▸ Work item: The answer is all of the data repeated exactly, with each picture omitted.

[Collected data]
= Beginning of Section =
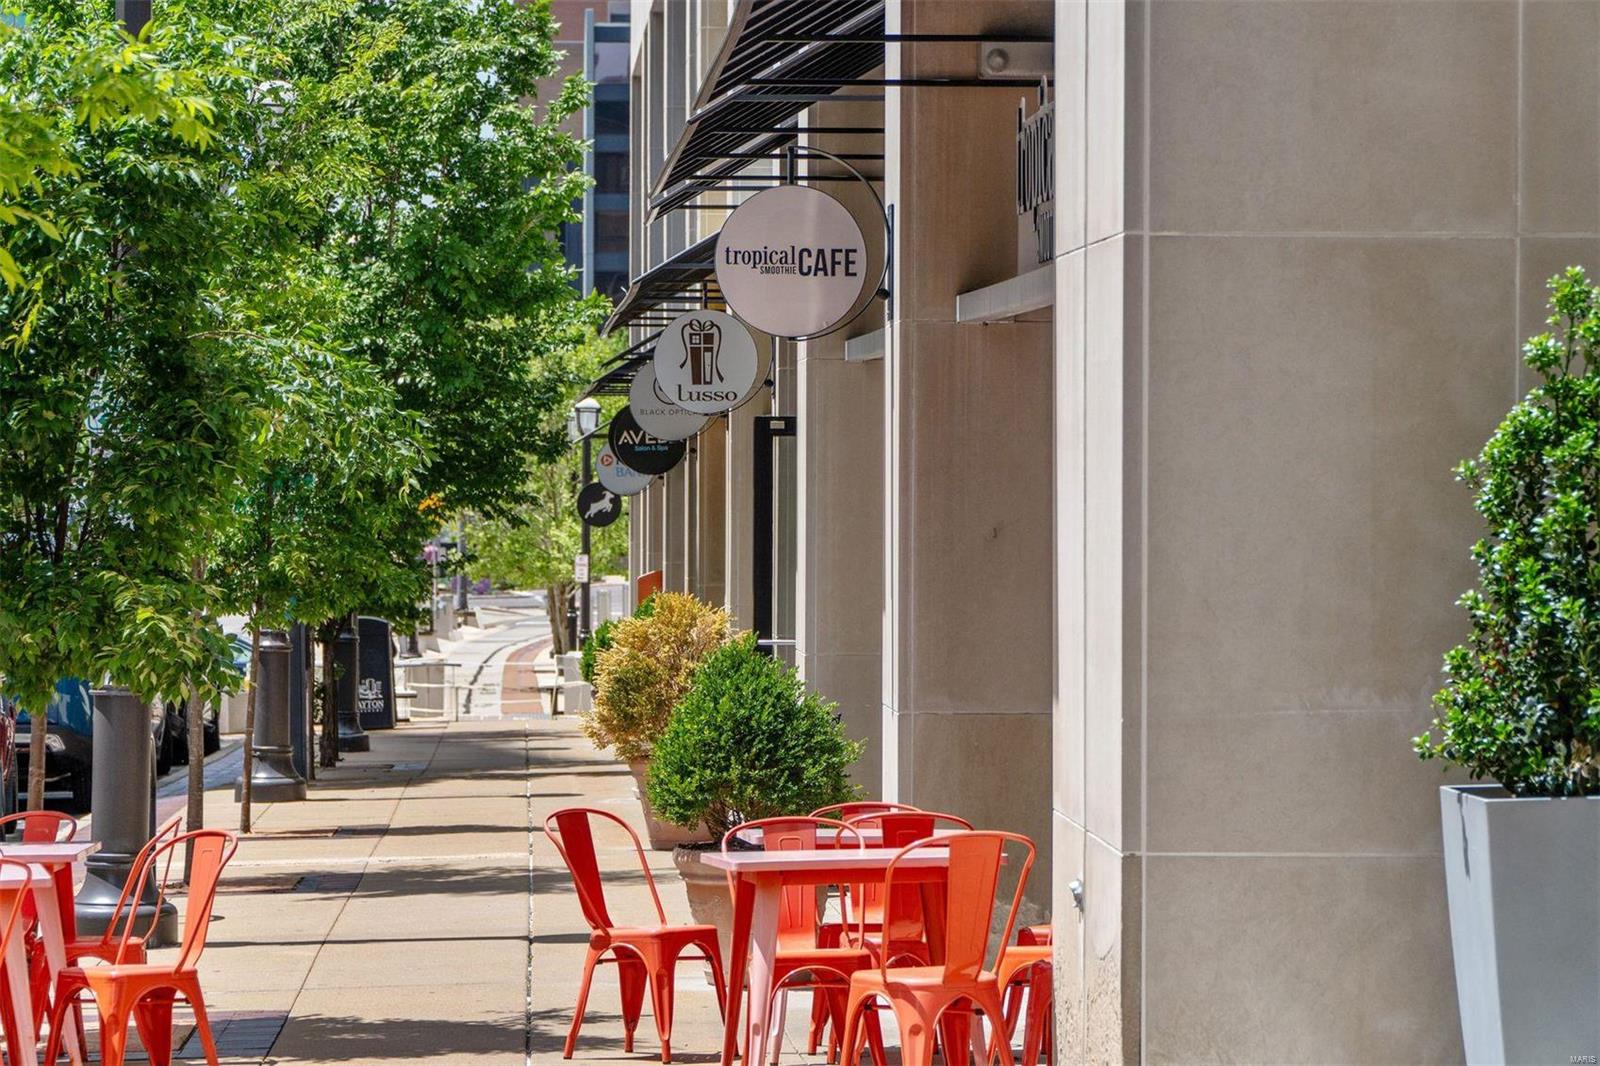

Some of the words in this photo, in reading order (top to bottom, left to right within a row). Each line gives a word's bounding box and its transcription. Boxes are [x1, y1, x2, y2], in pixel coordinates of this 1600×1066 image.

[725, 245, 797, 269] tropical
[798, 247, 857, 277] CAFE
[760, 266, 797, 275] SMOOTHIE
[640, 408, 666, 416] BLACK
[617, 430, 676, 445] AVE
= End of Section =
▸ Output of the task:
Some of the words in this photo, in reading order (top to bottom, left to right within a row). Each line gives a word's bounding box and its transcription. Boxes are [x1, y1, x2, y2], in pixel coordinates of this 1600×1066 image.

[725, 245, 797, 269] tropical
[798, 247, 857, 277] CAFE
[760, 266, 797, 275] SMOOTHIE
[640, 408, 666, 416] BLACK
[617, 430, 676, 445] AVE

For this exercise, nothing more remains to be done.